Give back the records below verbatim, please, but without a single image.

[THE INPUT — start]

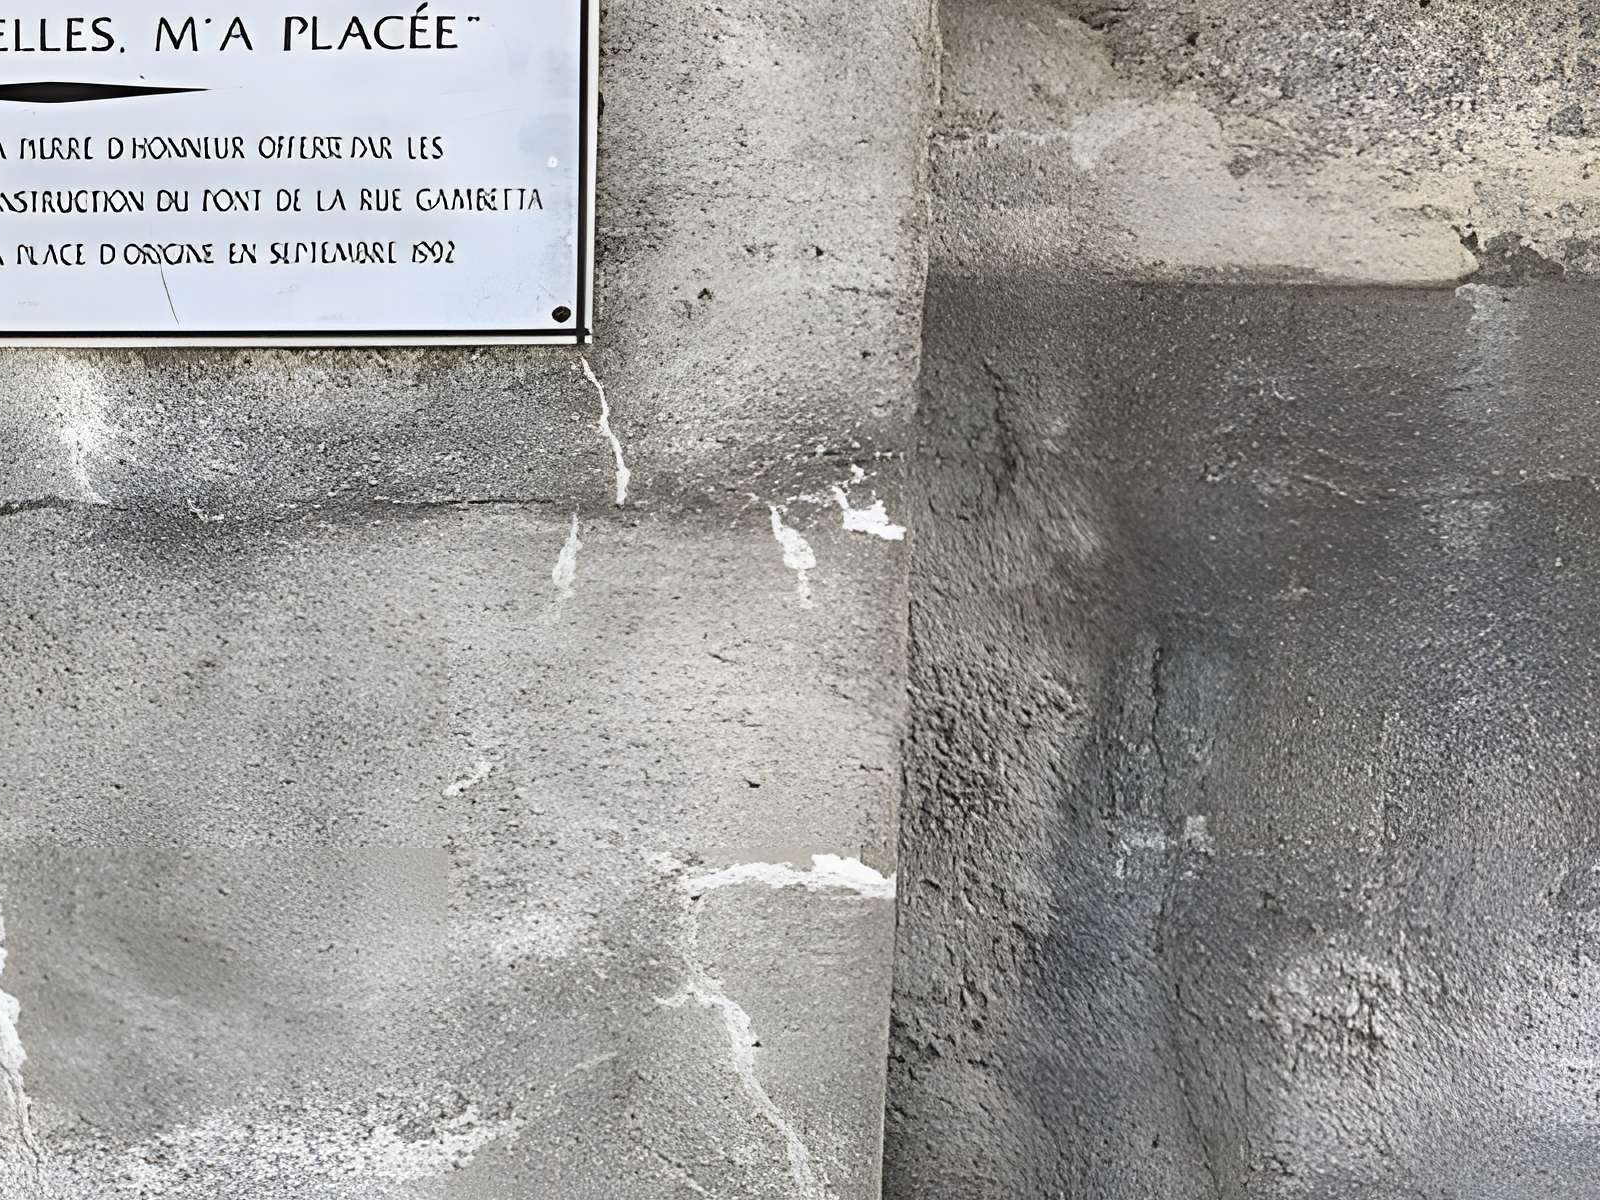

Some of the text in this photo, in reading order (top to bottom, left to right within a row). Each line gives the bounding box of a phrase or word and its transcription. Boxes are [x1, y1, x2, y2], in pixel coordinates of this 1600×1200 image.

[155, 16, 254, 52] M'A
[407, 136, 444, 160] LES
[156, 189, 189, 212] DU
[202, 188, 261, 212] PONT
[276, 188, 302, 212] DE
[317, 188, 346, 212] LA
[359, 188, 402, 212] RUE
[416, 187, 544, 212] GAMBETTA
[228, 242, 257, 265] EN
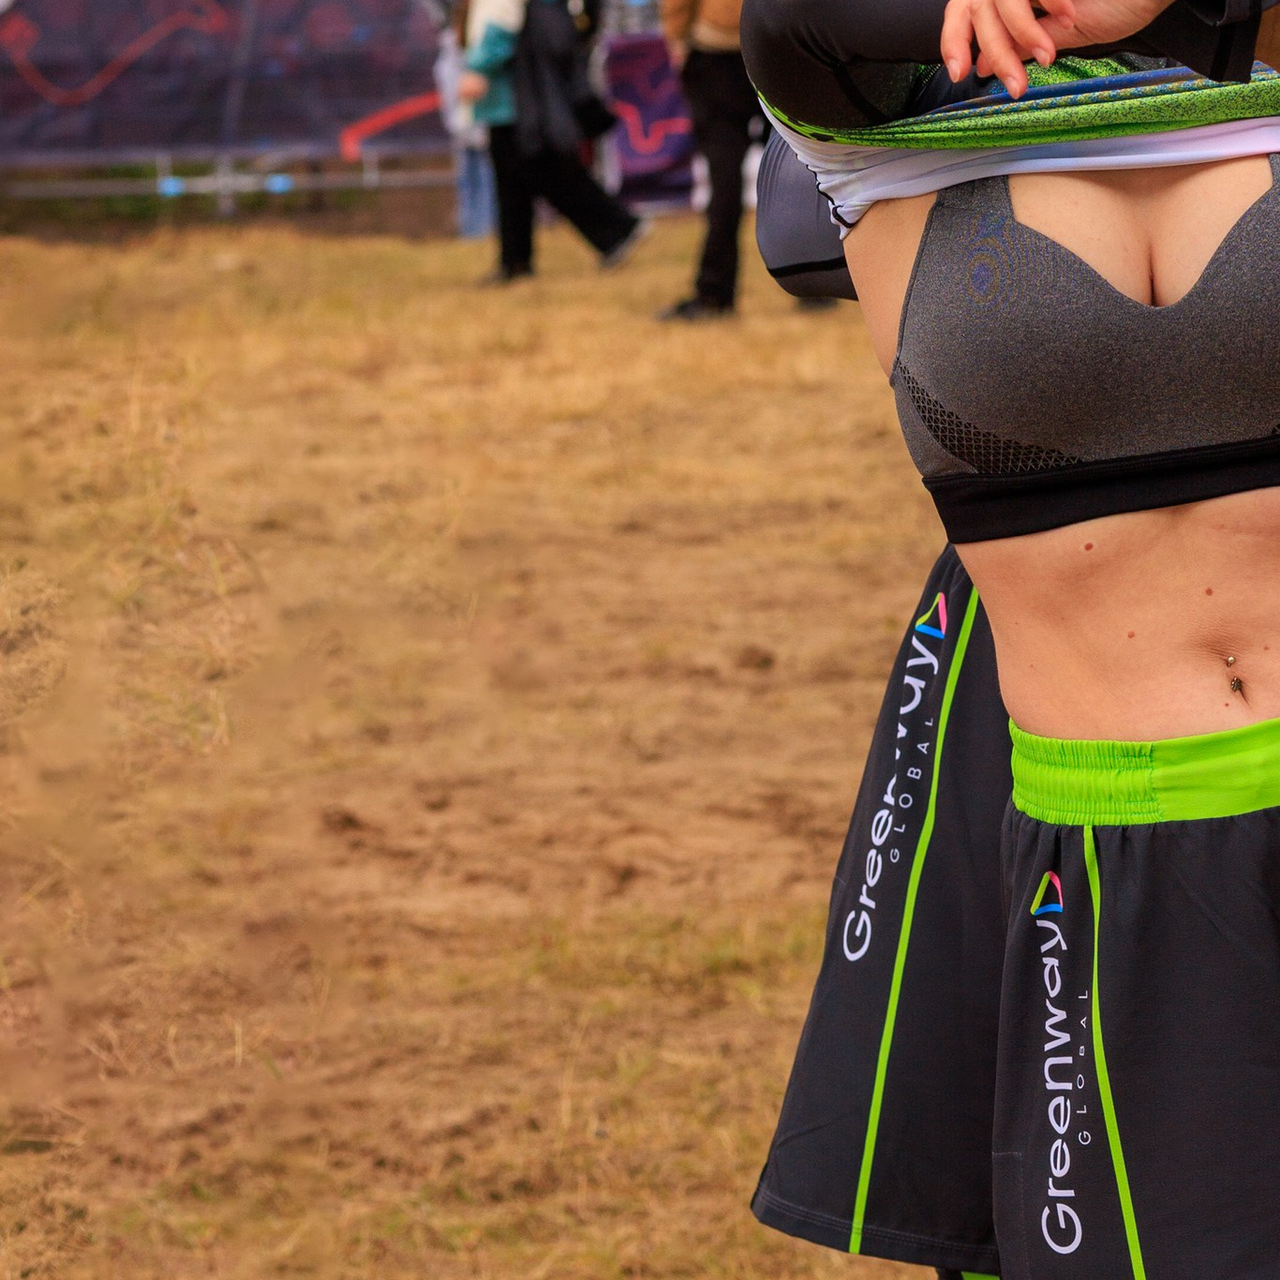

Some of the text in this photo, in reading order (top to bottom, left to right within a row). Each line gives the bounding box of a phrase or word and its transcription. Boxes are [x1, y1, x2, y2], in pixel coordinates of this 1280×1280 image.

[889, 717, 934, 864] GLOBAL
[1041, 918, 1083, 1255] Greenway
[1075, 989, 1092, 1146] GLOBAL
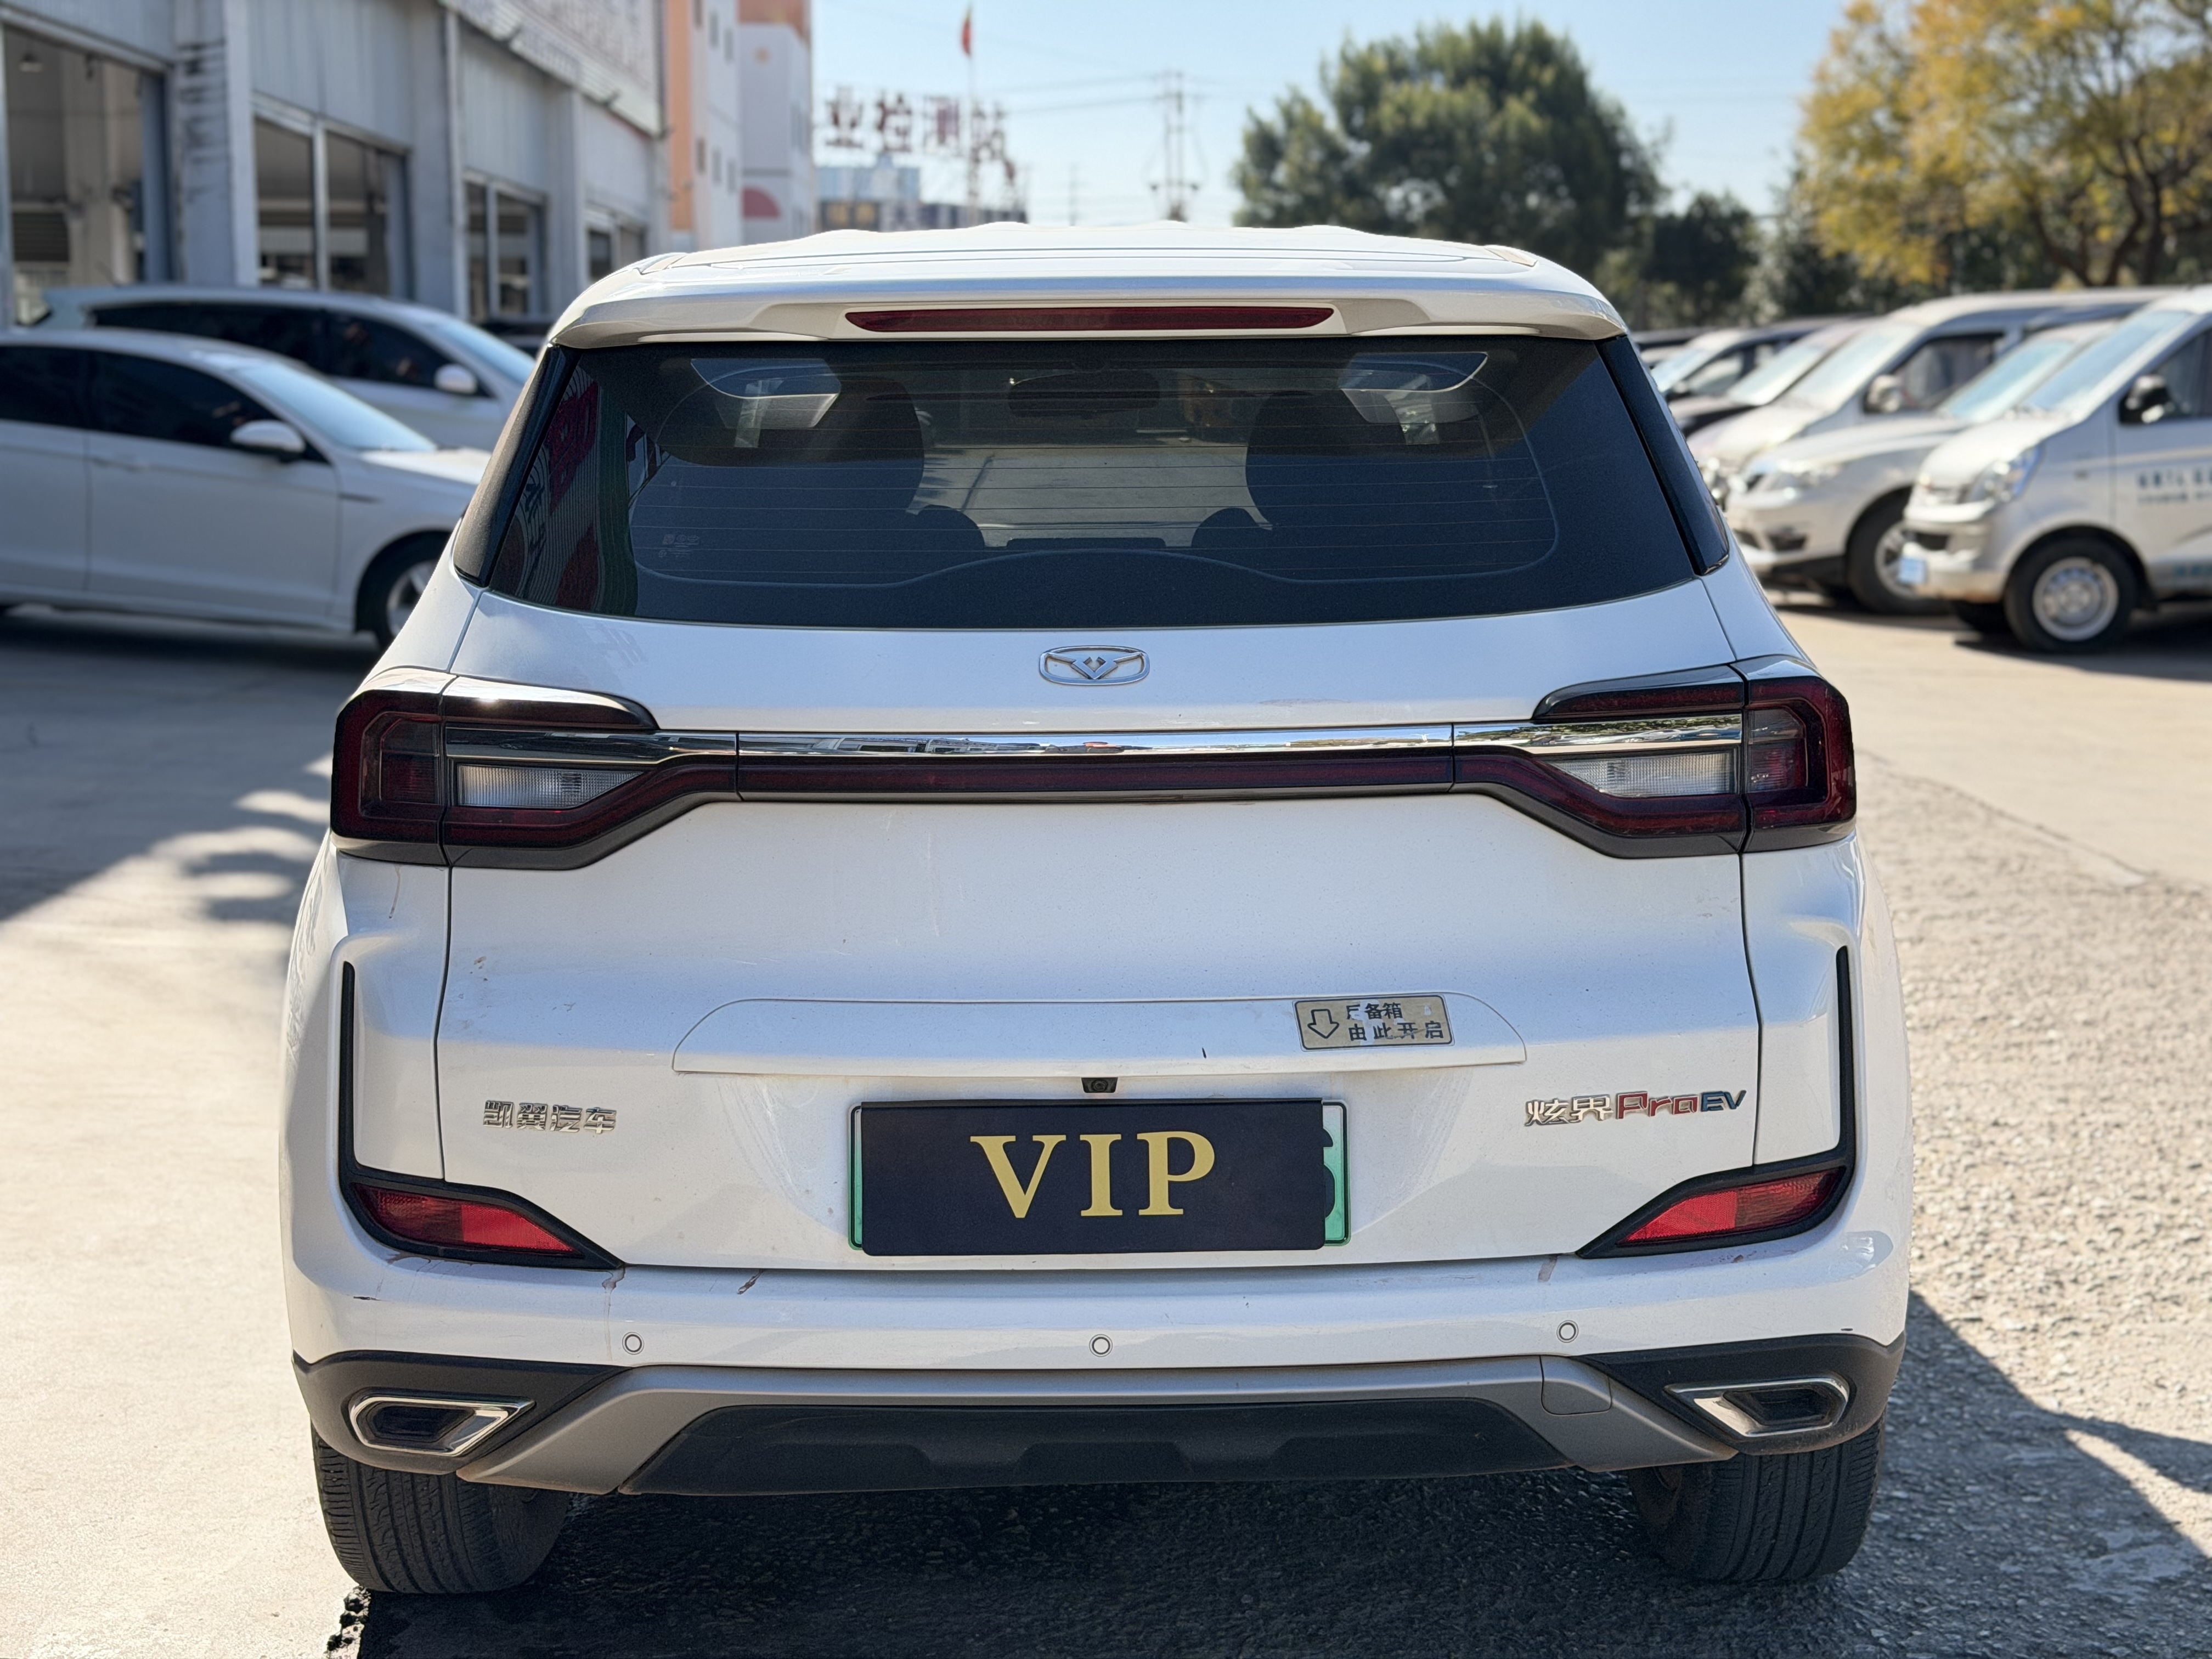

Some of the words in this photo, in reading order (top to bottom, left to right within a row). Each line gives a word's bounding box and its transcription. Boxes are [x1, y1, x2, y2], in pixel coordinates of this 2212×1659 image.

[1348, 1020, 1444, 1041] 由此开启
[483, 1100, 617, 1134] 凯翼汽车
[970, 1131, 1215, 1219] VIP
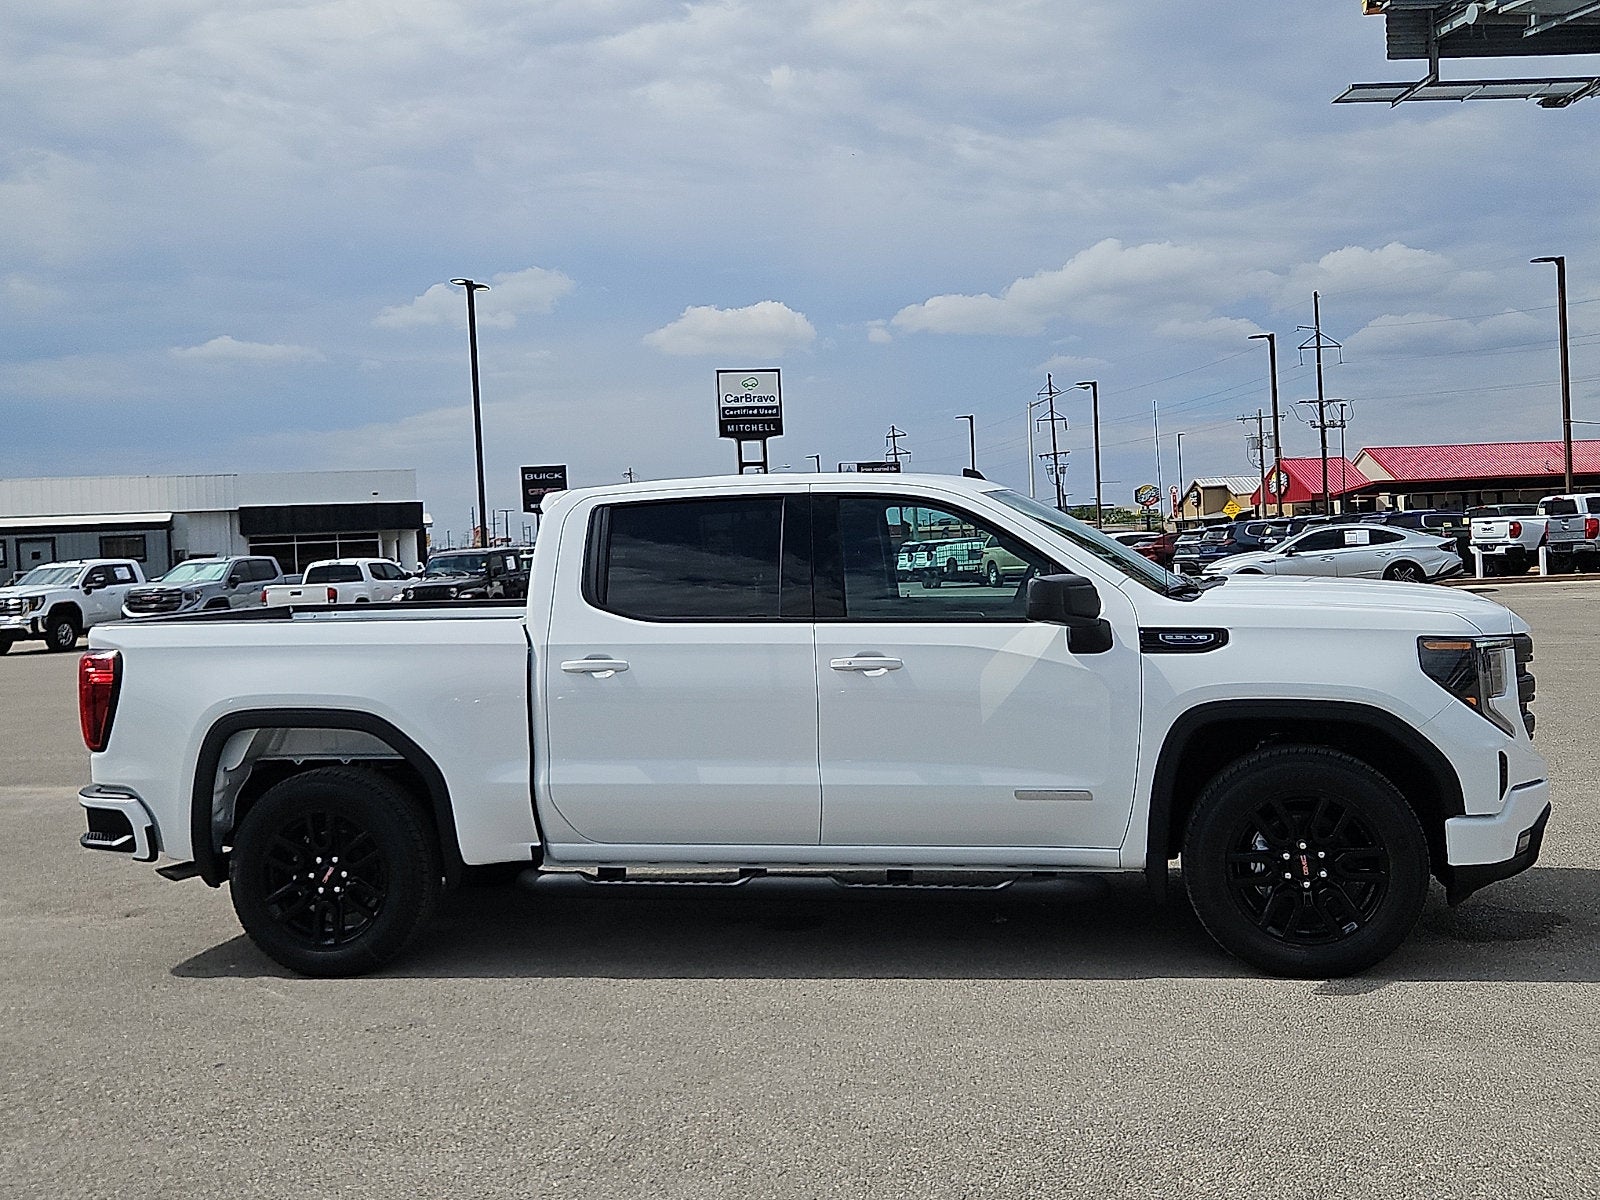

[THE INPUT — finish]

# EXPECTED OUTPUT
Some of the text in this photo, in reading order (top to bottom, left to right within a row). Each line gives the bounding box of a phrase or word and its transcription. Boxes are [x1, y1, x2, y2], in pixel coordinates of this 1600×1200 image.

[155, 16, 254, 52] M'A
[407, 136, 444, 160] LES
[156, 189, 189, 212] DU
[202, 188, 261, 212] PONT
[276, 188, 302, 212] DE
[317, 188, 346, 212] LA
[359, 188, 402, 212] RUE
[416, 187, 544, 212] GAMBETTA
[228, 242, 257, 265] EN

Some of the text in this photo, in reading order (top to bottom, left to right within a row). Each line gives the bounding box of a phrase or word and its transcription. Boxes are [x1, y1, x2, y2], in pixel coordinates of this 1280×1280 image.

[889, 717, 934, 864] GLOBAL
[1041, 918, 1083, 1255] Greenway
[1075, 989, 1092, 1146] GLOBAL

Some of the words in this photo, in reading order (top to bottom, left to right within a row). Each line gives a word's bounding box and its transcription. Boxes are [x1, y1, x2, y2], in pixel coordinates of this 2212×1659 image.

[1348, 1020, 1444, 1041] 由此开启
[483, 1100, 617, 1134] 凯翼汽车
[970, 1131, 1215, 1219] VIP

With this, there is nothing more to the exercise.